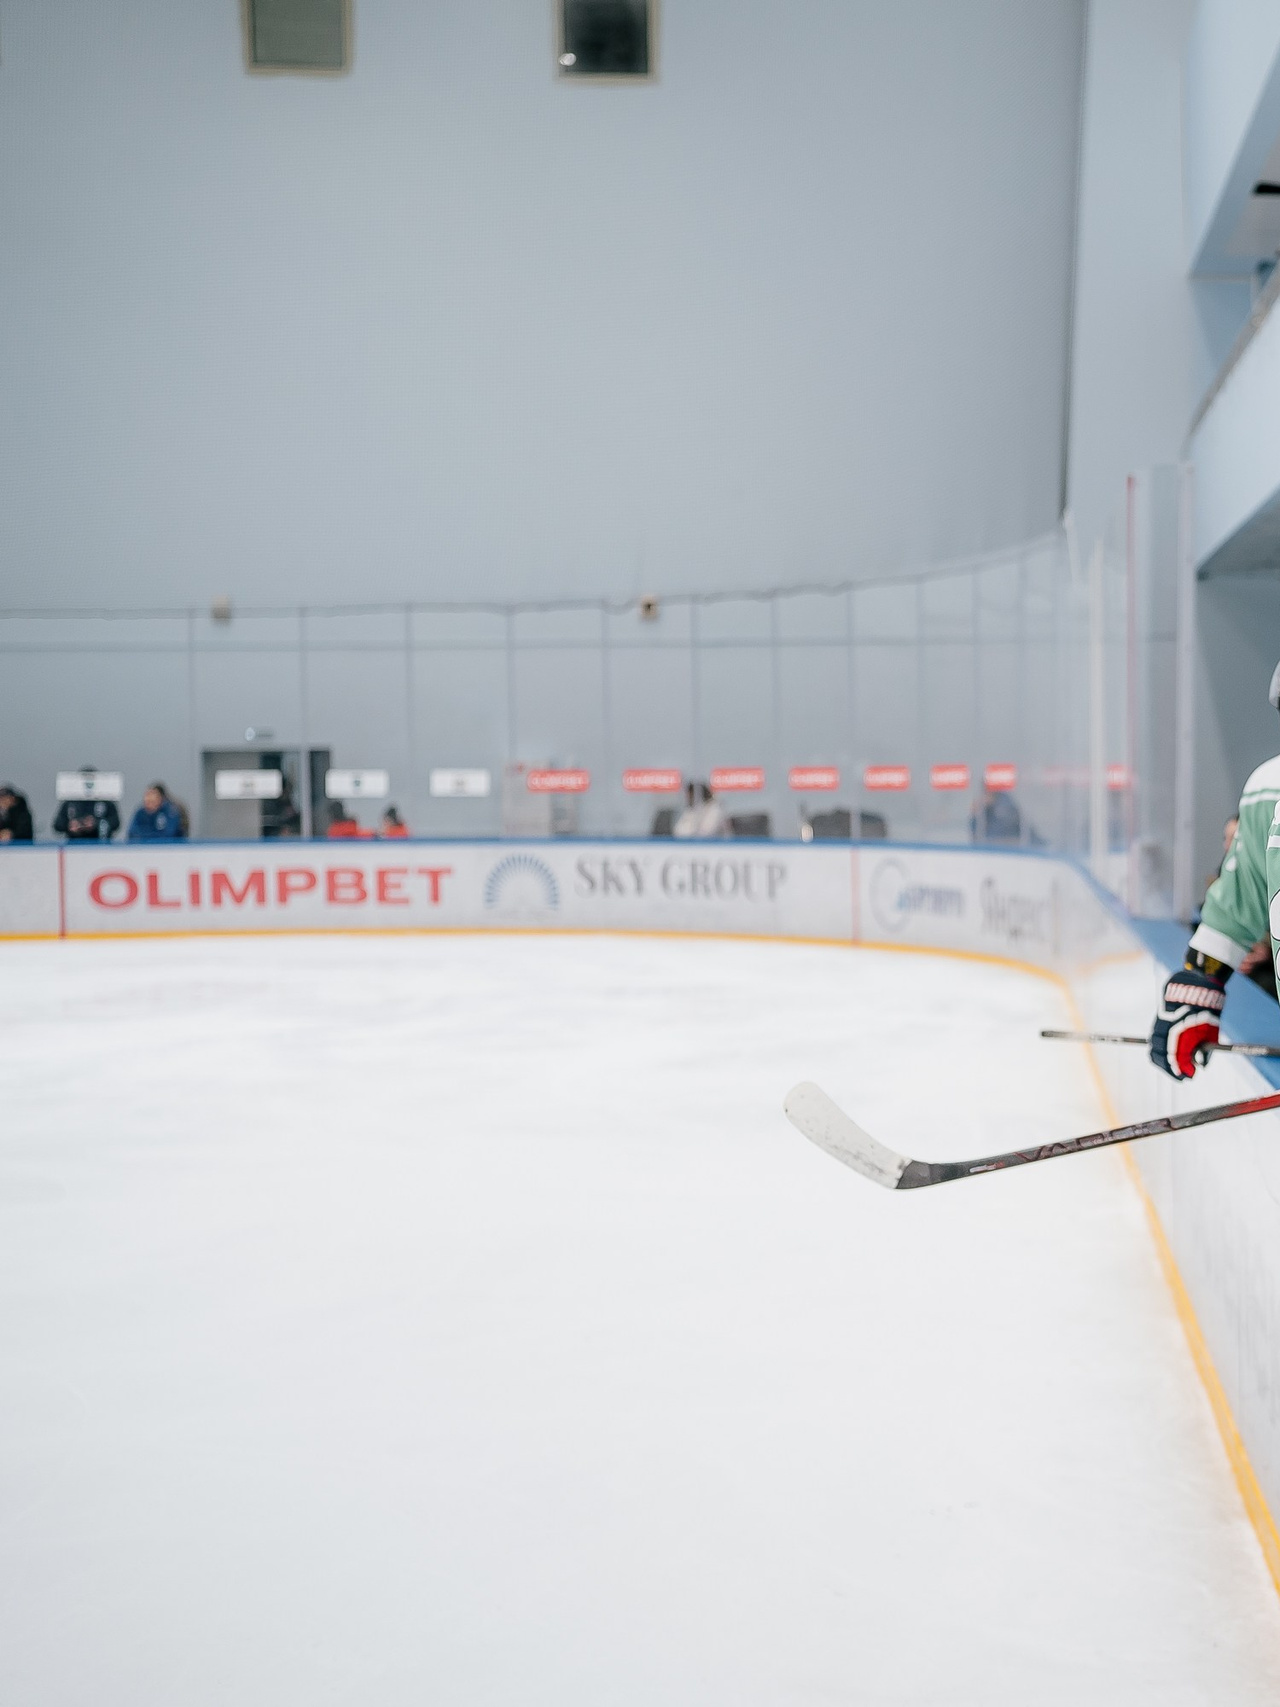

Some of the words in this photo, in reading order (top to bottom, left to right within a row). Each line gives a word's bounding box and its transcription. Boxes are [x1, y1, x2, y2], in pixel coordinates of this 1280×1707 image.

[88, 866, 453, 910] OLIMPBET
[575, 853, 649, 899] SKY
[660, 856, 789, 901] GROUP
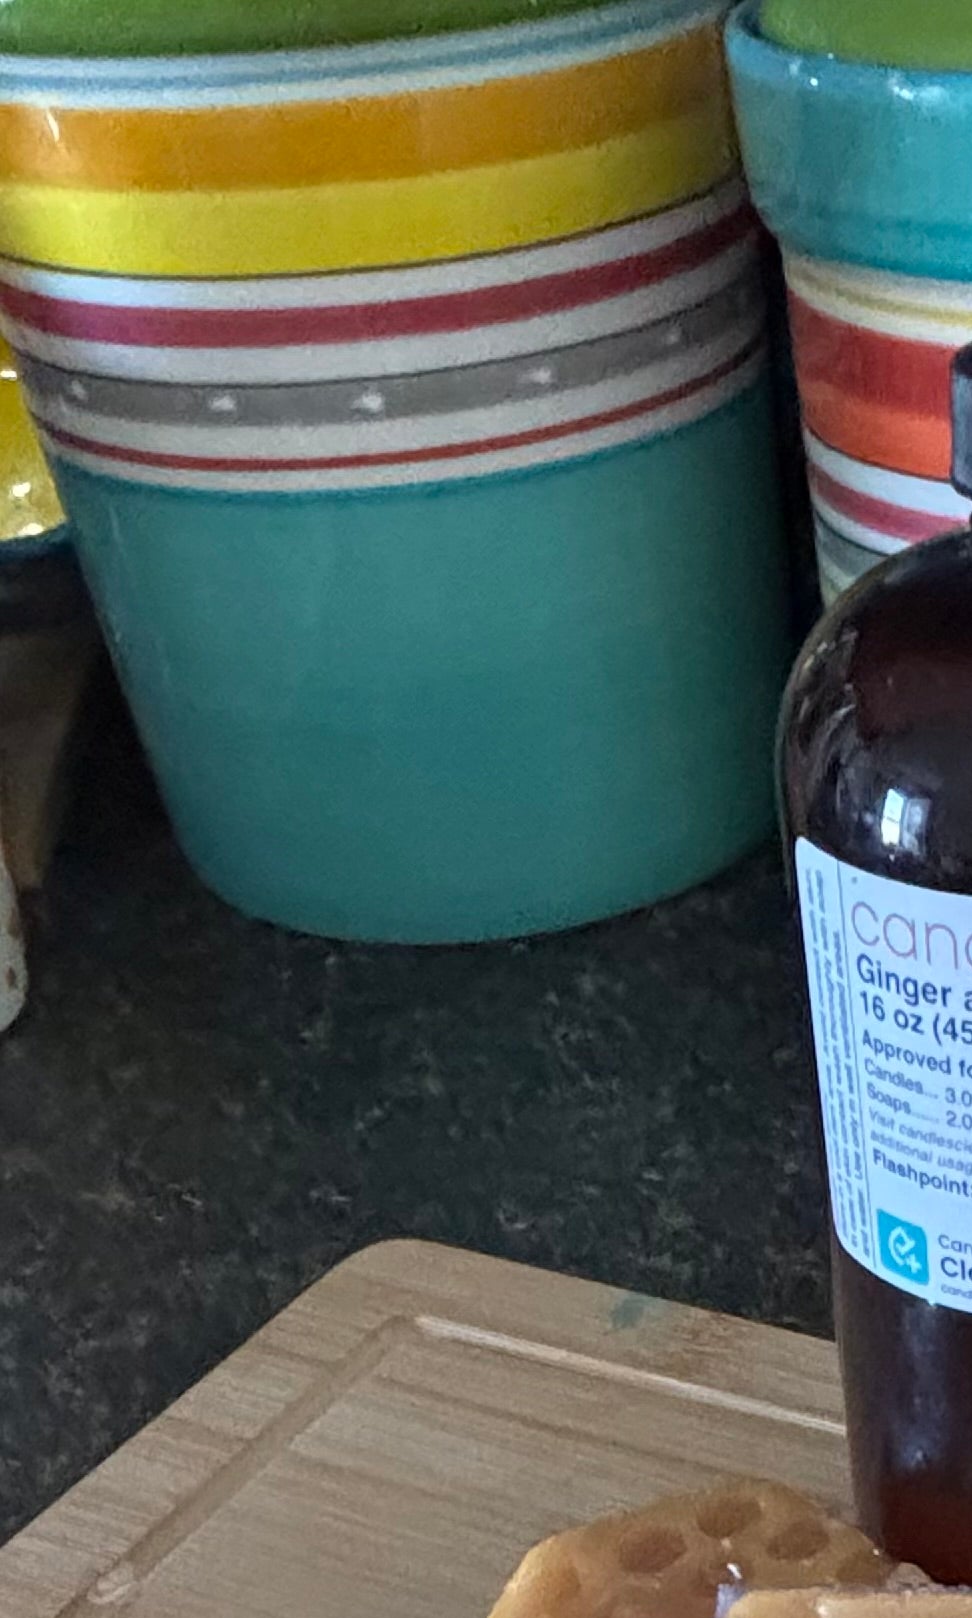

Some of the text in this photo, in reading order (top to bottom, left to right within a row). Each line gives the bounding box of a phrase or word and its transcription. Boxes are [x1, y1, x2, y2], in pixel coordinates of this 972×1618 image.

[856, 952, 952, 1008] Ginger
[859, 990, 886, 1022] 16
[893, 1008, 925, 1036] oz
[861, 1028, 952, 1076] Approved

============================================================

**What you have to do**
All lines above must be repeated exactly, and the pictures must be omitted.

**Result of this task**
Some of the words in this photo, in reading order (top to bottom, left to right within a row). Each line gives a word's bounding box and its transcription. Boxes are [x1, y1, x2, y2], in pixel coordinates of this 1280×1707 image.

[88, 866, 453, 910] OLIMPBET
[575, 853, 649, 899] SKY
[660, 856, 789, 901] GROUP

Some of the text in this photo, in reading order (top to bottom, left to right within a row). Each line gives the bounding box of a phrase or word and its transcription. Boxes are [x1, y1, x2, y2], in pixel coordinates of this 972×1618 image.

[856, 952, 952, 1008] Ginger
[859, 990, 886, 1022] 16
[893, 1008, 925, 1036] oz
[861, 1028, 952, 1076] Approved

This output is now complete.